Out of touch with America? Too elitist? These kinds of justifications in medialand tend to be born of inverse elitism.
[Permalink]
Feeling time-warped to 1991
10/2/2009 11:09:43 AM
From
DAN MITCHELL:
What a bizarre
letter
from Susan V. Wallace. I feel like I've been time-warped to a campus debate in 1991.
The ads are presented as "weird and creepy." They shouldn't be made fun of? Laughed at? What should we do instead? Pretend they never existed? Or is her problem only with the presentation -- would it be better if the Courant treated the ads very somberly, as examples of pure evil? I guess so, since she equates stupid, sexist advertiements with the Holocaust. Which is, you know, nuts. I wonder what Ms. Wallace thinks of "Mad Men," which exists to make fun of the insane level of sexism that existed not very long ago.

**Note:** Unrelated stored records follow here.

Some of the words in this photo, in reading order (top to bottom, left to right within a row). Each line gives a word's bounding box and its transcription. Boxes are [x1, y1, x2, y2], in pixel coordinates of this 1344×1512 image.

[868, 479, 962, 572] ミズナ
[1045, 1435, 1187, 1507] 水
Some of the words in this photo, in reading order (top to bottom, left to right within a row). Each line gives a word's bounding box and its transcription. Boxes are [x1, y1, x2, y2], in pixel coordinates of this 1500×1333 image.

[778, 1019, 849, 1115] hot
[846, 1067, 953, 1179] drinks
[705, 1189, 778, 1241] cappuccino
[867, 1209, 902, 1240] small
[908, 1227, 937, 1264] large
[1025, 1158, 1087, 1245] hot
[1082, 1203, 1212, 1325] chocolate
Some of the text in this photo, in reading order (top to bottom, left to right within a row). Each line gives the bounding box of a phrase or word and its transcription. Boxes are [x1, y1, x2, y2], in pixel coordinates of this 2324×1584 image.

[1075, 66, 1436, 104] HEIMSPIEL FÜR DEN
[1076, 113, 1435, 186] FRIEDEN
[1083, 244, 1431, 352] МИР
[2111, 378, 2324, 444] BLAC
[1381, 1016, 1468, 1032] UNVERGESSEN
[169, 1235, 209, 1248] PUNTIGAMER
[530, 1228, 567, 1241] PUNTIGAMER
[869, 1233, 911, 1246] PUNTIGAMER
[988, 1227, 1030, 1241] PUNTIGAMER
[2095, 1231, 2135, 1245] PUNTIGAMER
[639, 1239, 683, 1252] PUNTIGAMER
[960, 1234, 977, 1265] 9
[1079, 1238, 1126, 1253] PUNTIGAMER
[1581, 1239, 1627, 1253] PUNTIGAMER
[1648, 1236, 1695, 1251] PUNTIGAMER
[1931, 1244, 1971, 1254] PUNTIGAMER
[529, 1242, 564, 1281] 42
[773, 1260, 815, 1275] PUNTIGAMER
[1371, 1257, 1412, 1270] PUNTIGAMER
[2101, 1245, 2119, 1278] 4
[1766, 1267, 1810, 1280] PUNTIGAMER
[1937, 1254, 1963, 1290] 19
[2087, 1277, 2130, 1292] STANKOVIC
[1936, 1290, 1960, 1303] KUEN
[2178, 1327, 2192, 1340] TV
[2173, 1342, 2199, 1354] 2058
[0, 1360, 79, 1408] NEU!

She's right, though, that the paper probably didn't present racist ads because the editors were afraid of the blowback. Which I see as a shame. Those should be laughed at, too, and newspapers shouldn't cower in fear of anyone.
Further, if Ms. Wallace knows of any examples of ads using images of "the Holocaust or slavery or lynchings or beatings of men," I hope she'll let us know about them. Because the only way for her argument to hold any logical water is if such ads ever actually existed. And even then, her argument would make little sense, since while the sexism depicted in the ads is certainly deplorable (if funny in a "how stupid we were" sort of way), it hardly equates with systematic genocide, racist murder, or gender-based violence.
[Permalink]
Has she ever seen "Mad Men"?
10/1/2009 2:41:50 PM
From
SUSAN V. WALLACE
, attorney: Today, the Hartford Courant is offering a number of grossly misogynist
images of women and girls
, and "cute" depictions of domestic violence against women in a "funny news" photo gallery:
See espcially photo numbers 1, 13, 16, 18, 26, 32 in the above photo gallery.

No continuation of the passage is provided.